Data excerpts ▸

—————

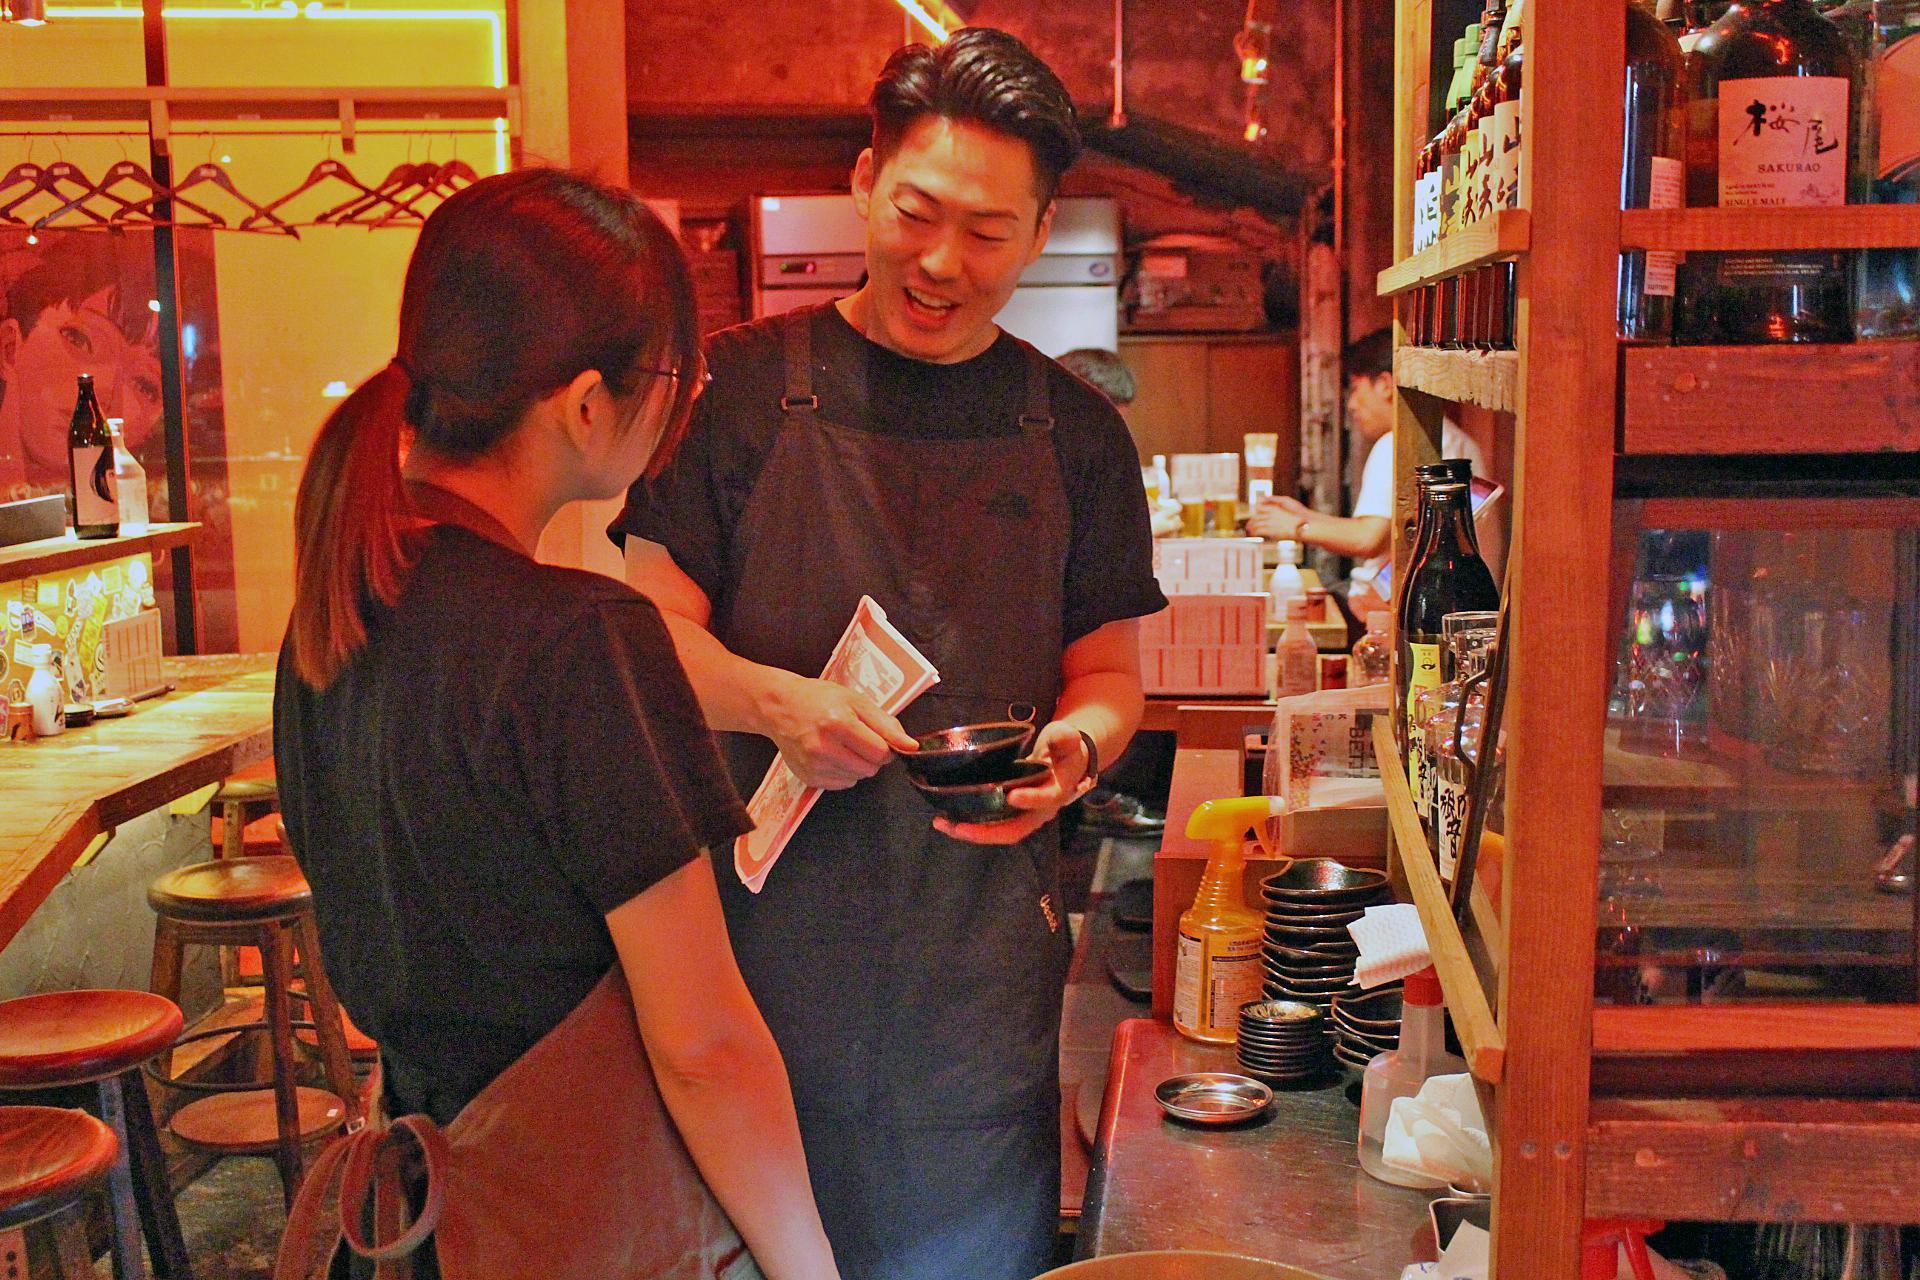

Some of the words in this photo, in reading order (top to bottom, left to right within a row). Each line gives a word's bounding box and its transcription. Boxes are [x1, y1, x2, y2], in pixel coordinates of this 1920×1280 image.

[1732, 98, 1839, 155] 桜尾
[1757, 163, 1821, 174] SAKURAO
[1725, 198, 1758, 206] SINGLE
[1760, 197, 1785, 205] MALT
[1440, 787, 1468, 860] 響

—————

What is needed ▸ Skip every picture, and give the rest of the material above again exactly.

Exercise response ▸
Some of the words in this photo, in reading order (top to bottom, left to right within a row). Each line gives a word's bounding box and its transcription. Boxes are [x1, y1, x2, y2], in pixel coordinates of this 1920×1280 image.

[1732, 98, 1839, 155] 桜尾
[1757, 163, 1821, 174] SAKURAO
[1725, 198, 1758, 206] SINGLE
[1760, 197, 1785, 205] MALT
[1440, 787, 1468, 860] 響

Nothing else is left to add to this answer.